BEGIN

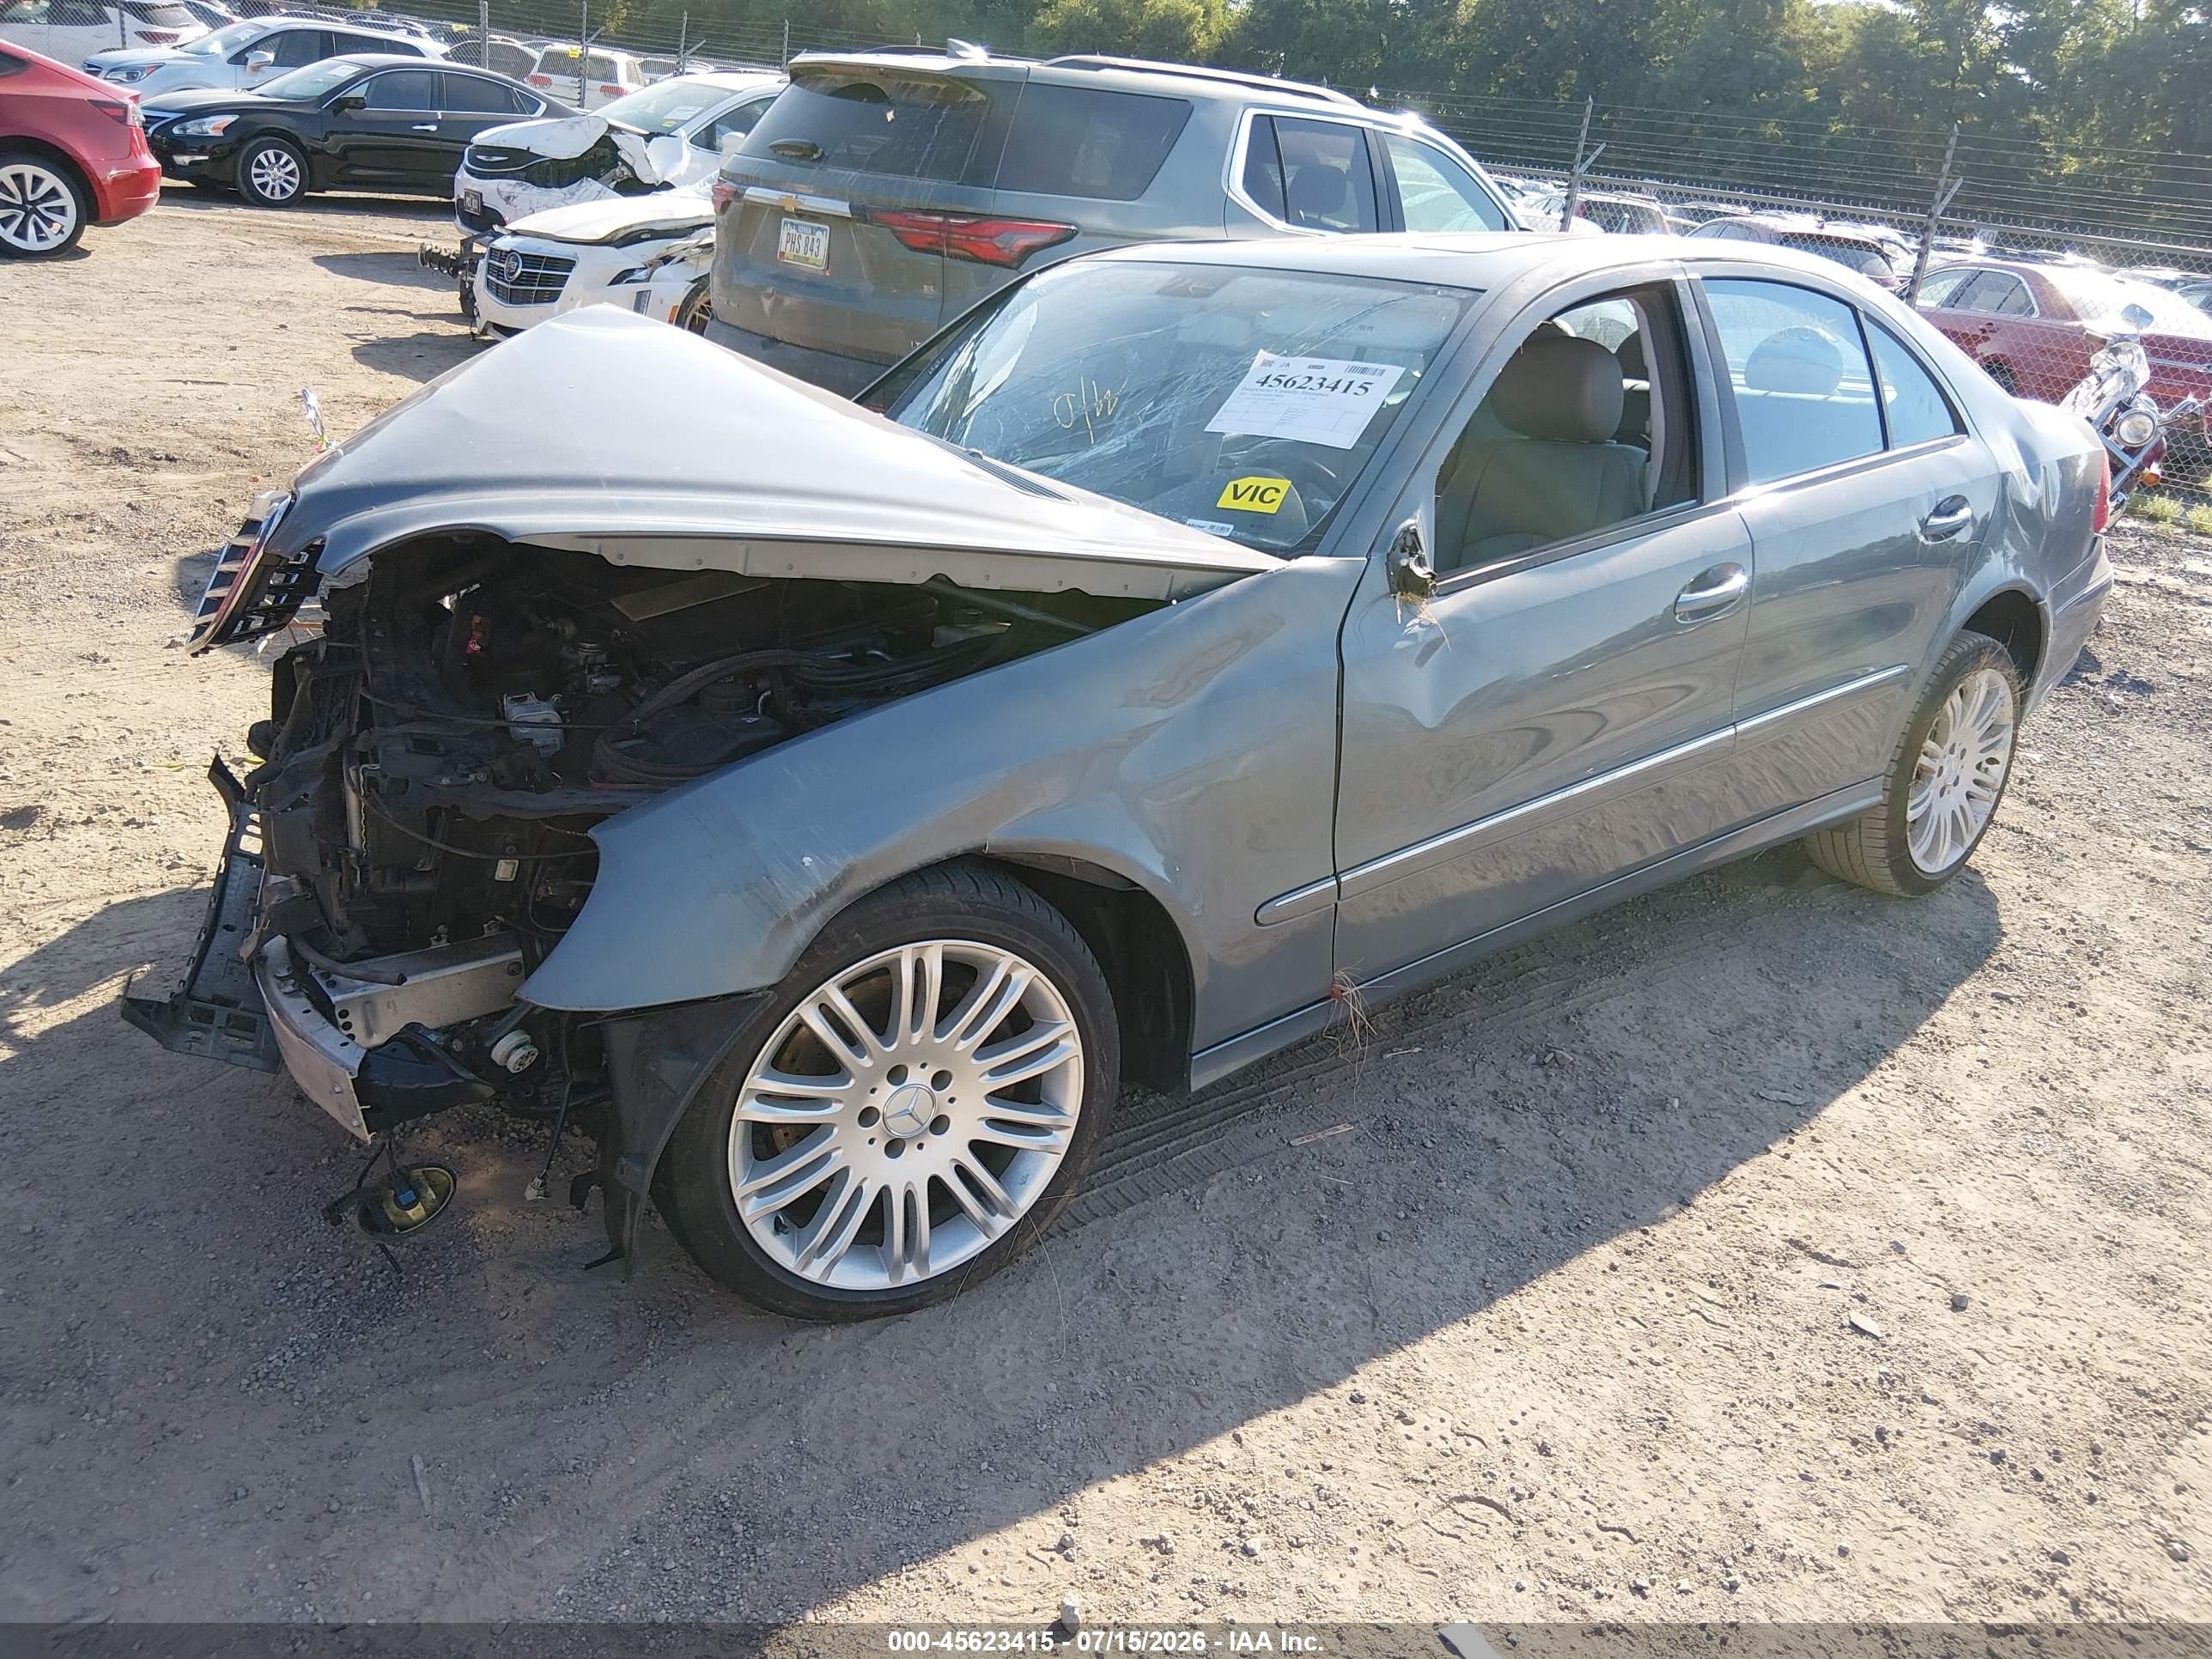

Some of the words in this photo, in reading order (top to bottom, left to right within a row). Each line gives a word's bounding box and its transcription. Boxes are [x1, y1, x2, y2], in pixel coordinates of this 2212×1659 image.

[798, 225, 812, 234] IOWA
[786, 232, 802, 254] PHS
[804, 236, 821, 258] 843
[1255, 373, 1374, 397] 45623415
[1231, 483, 1280, 505] VIC

END

What you are asked to do
Transcribe all records verbatim and omit each image.

Solution to the exercise
Some of the words in this photo, in reading order (top to bottom, left to right within a row). Each line gives a word's bounding box and its transcription. Boxes are [x1, y1, x2, y2], in pixel coordinates of this 2212×1659 image.

[798, 225, 812, 234] IOWA
[786, 232, 802, 254] PHS
[804, 236, 821, 258] 843
[1255, 373, 1374, 397] 45623415
[1231, 483, 1280, 505] VIC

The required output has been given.